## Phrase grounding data
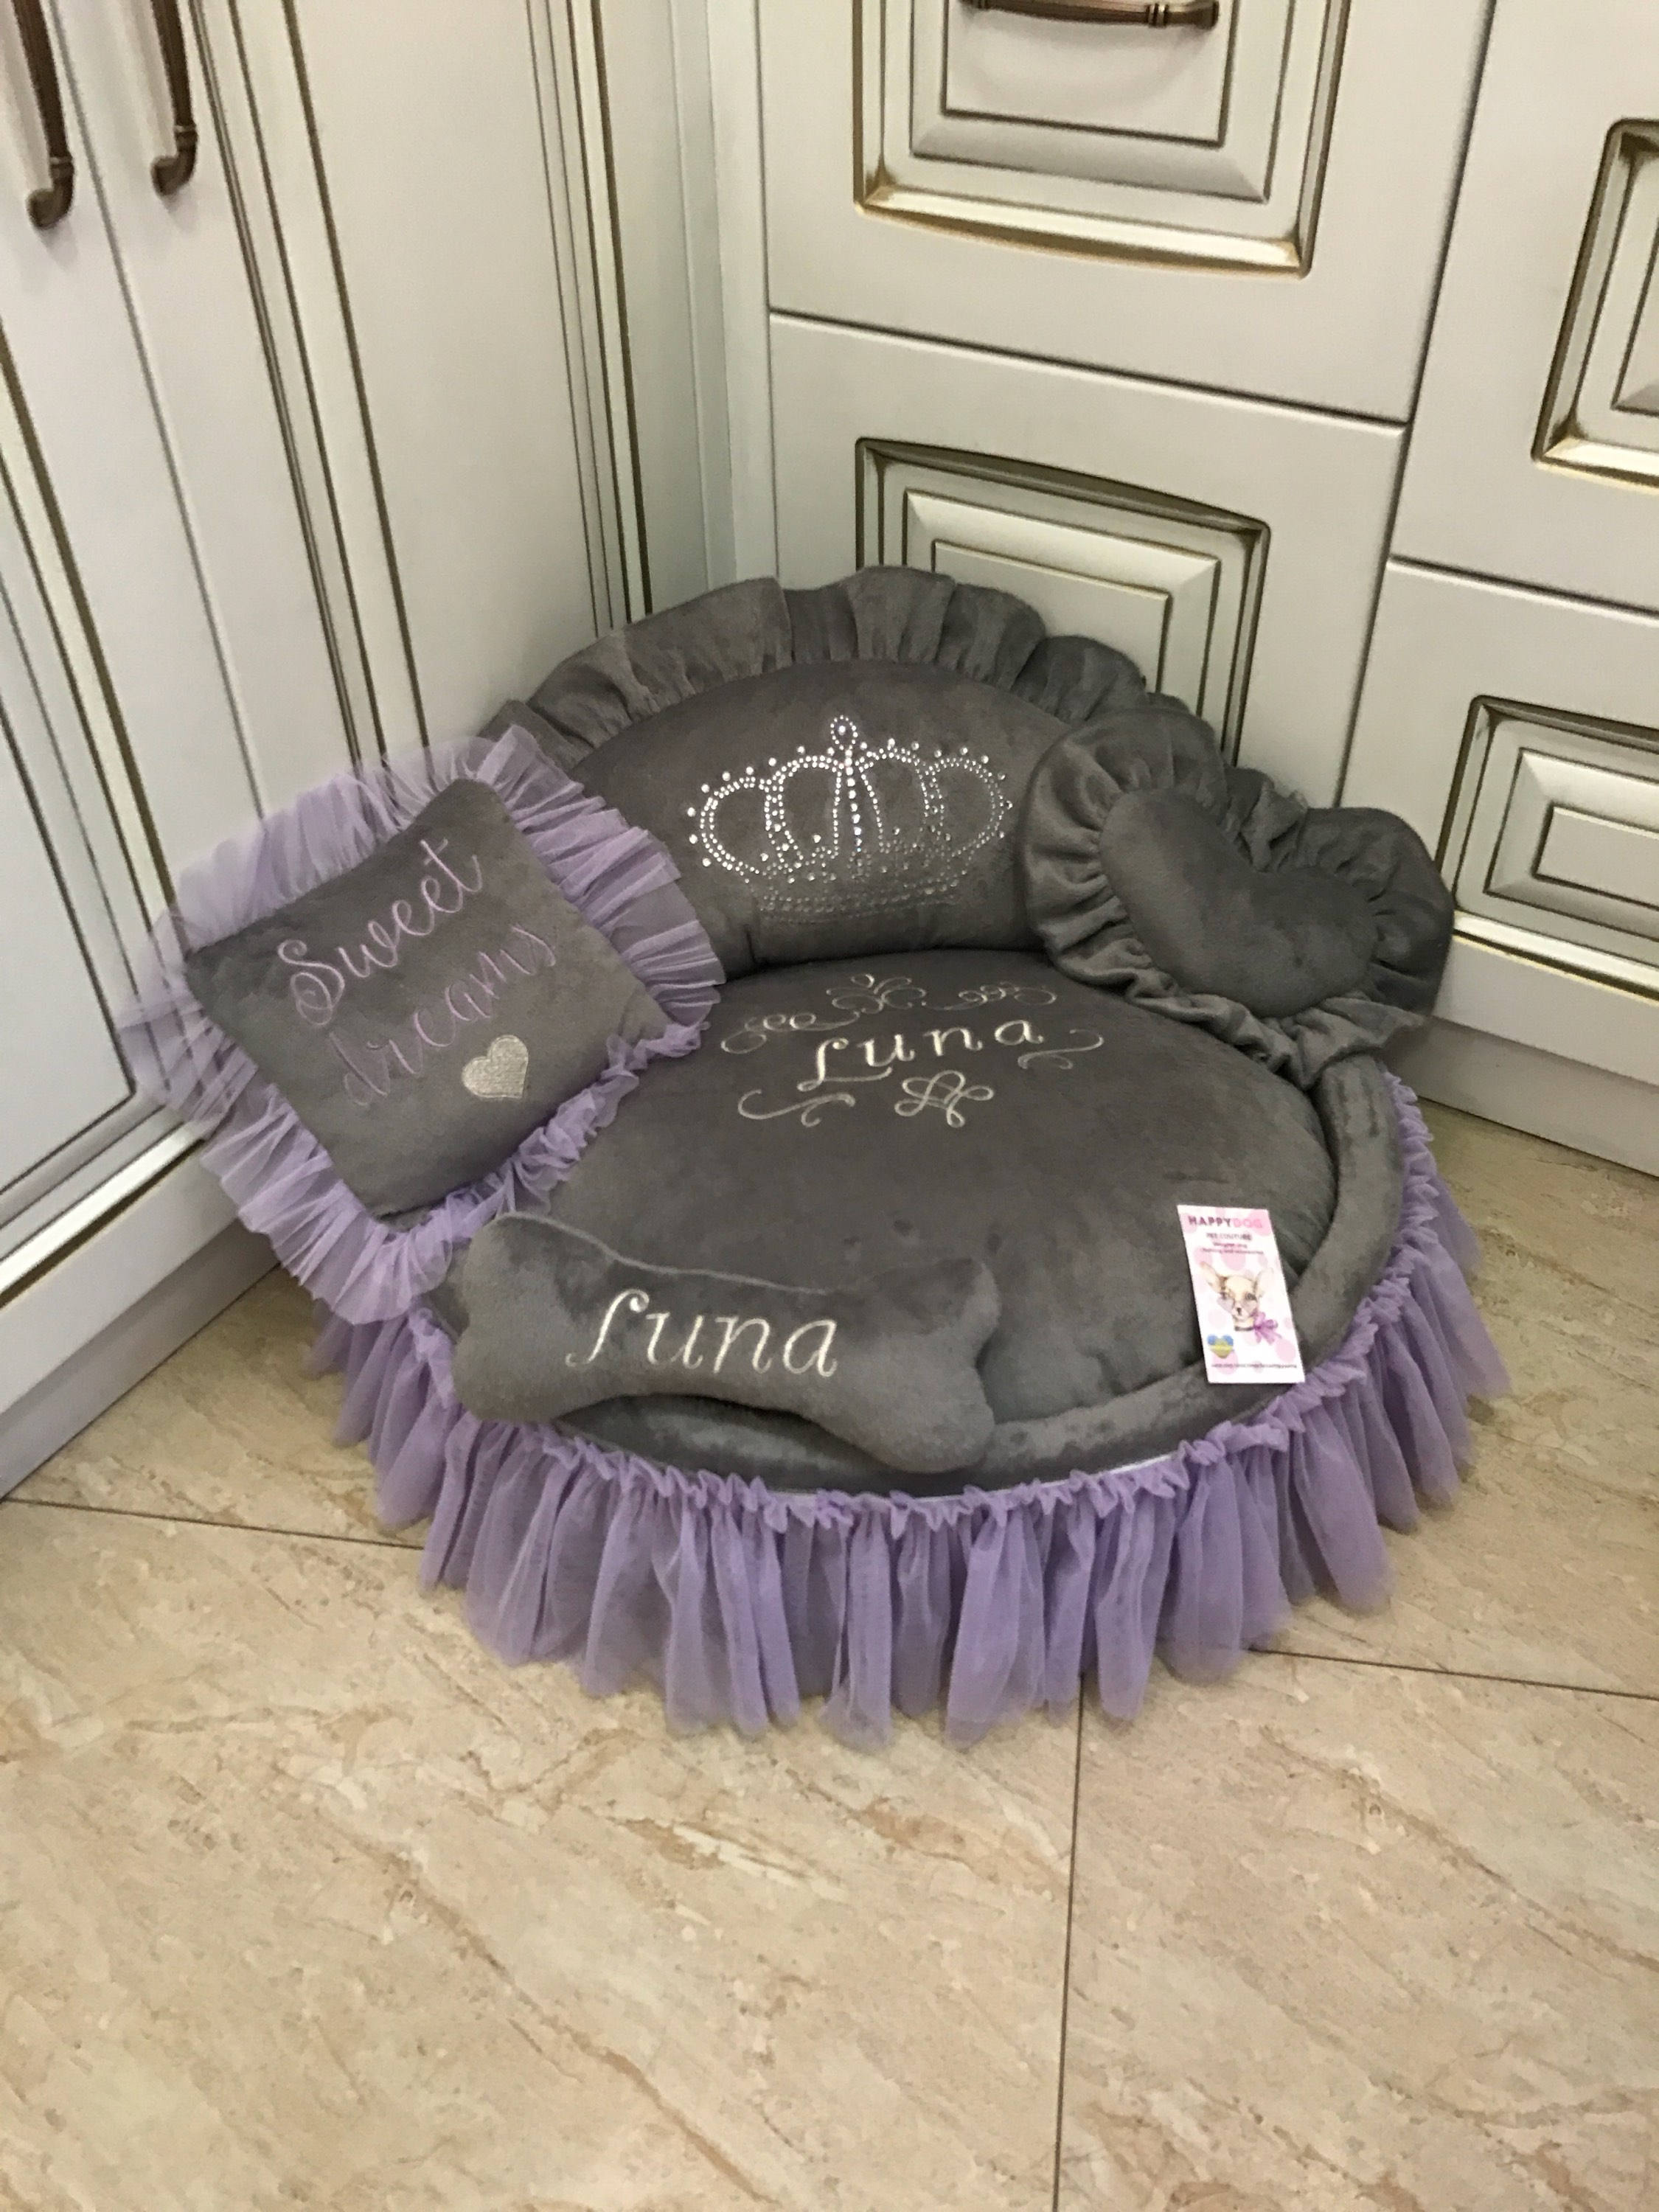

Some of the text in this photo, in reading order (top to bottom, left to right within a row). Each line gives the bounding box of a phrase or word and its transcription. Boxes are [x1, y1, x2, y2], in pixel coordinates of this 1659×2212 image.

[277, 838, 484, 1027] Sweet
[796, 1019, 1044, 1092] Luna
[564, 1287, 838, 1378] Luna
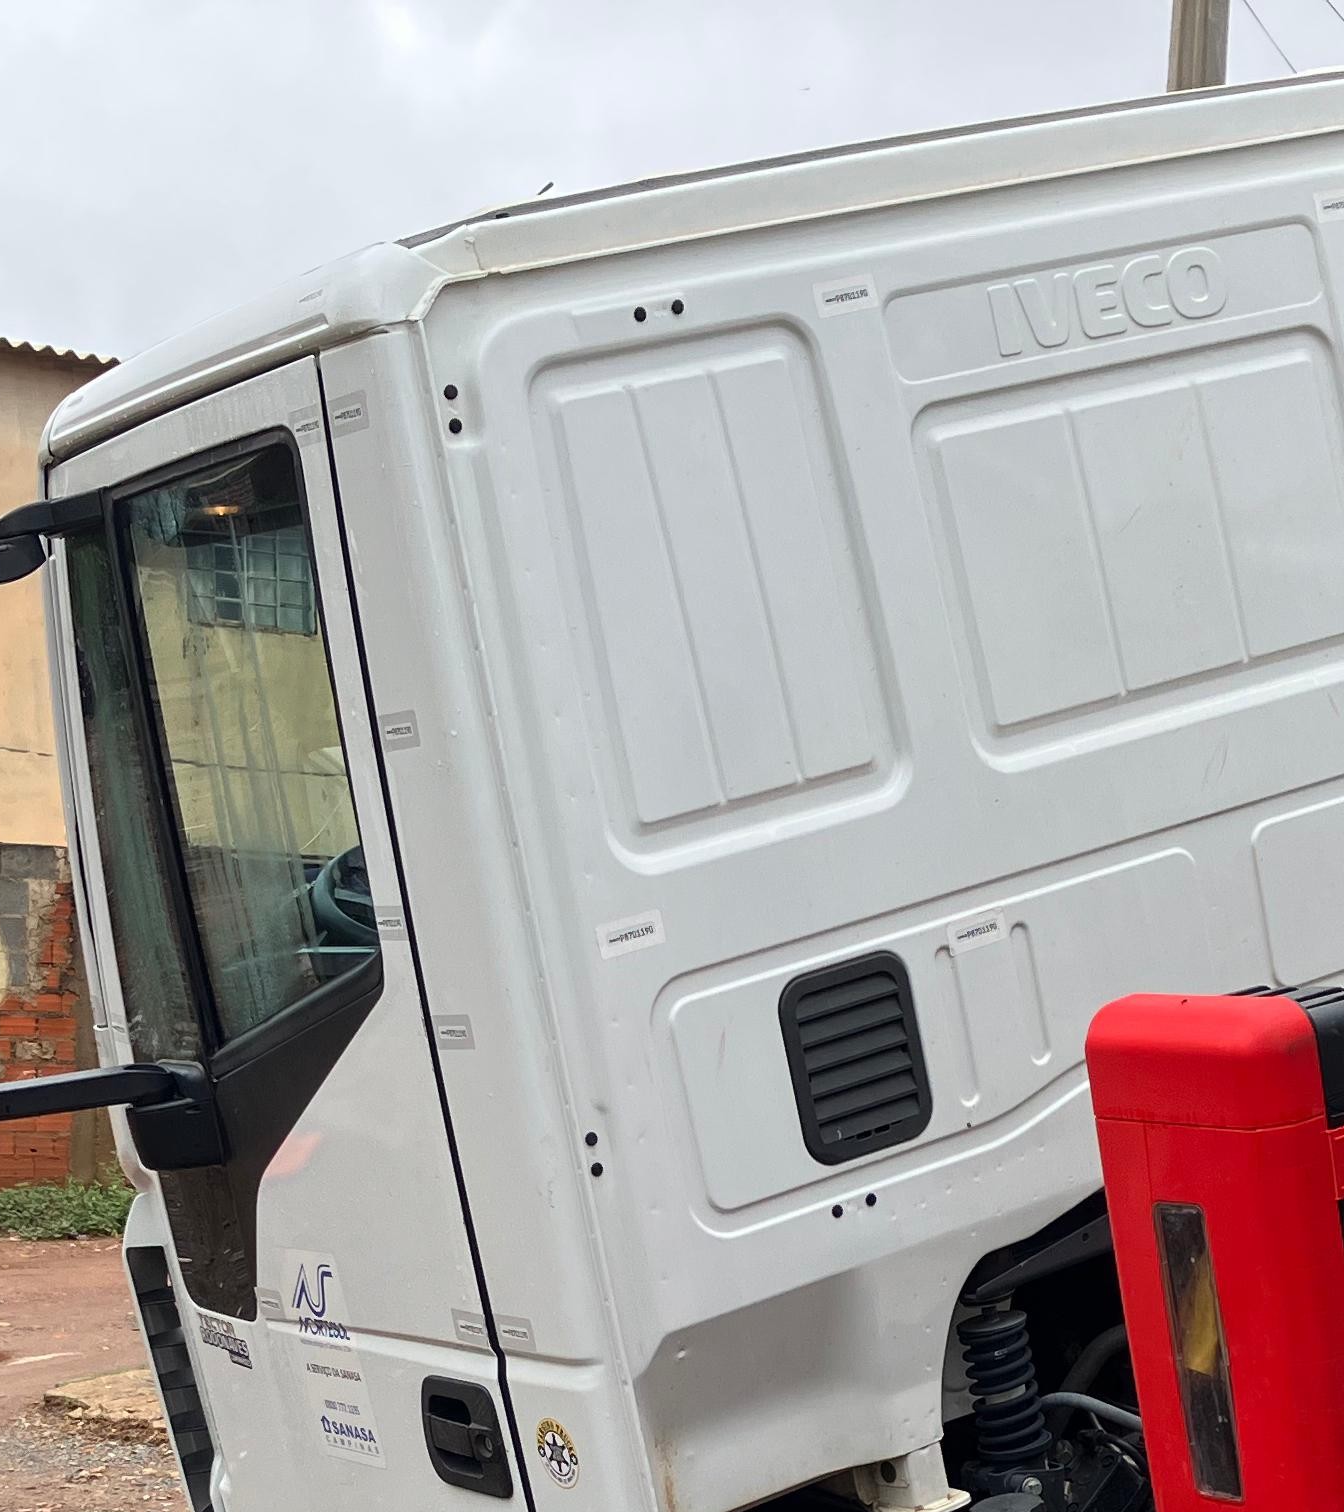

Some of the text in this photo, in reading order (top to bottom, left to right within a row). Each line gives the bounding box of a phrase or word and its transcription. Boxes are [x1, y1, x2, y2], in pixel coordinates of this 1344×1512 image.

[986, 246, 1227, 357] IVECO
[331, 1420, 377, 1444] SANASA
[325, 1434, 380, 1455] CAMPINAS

## What the task asks
Write out all the records exactly, omitting the images.

## Answer section
Some of the text in this photo, in reading order (top to bottom, left to right within a row). Each line gives the bounding box of a phrase or word and its transcription. Boxes are [x1, y1, x2, y2], in pixel coordinates of this 1659×2212 image.

[277, 838, 484, 1027] Sweet
[796, 1019, 1044, 1092] Luna
[564, 1287, 838, 1378] Luna

Some of the text in this photo, in reading order (top to bottom, left to right within a row). Each line gives the bounding box of a phrase or word and its transcription. Boxes are [x1, y1, x2, y2], in pixel coordinates of this 1344×1512 image.

[986, 246, 1227, 357] IVECO
[331, 1420, 377, 1444] SANASA
[325, 1434, 380, 1455] CAMPINAS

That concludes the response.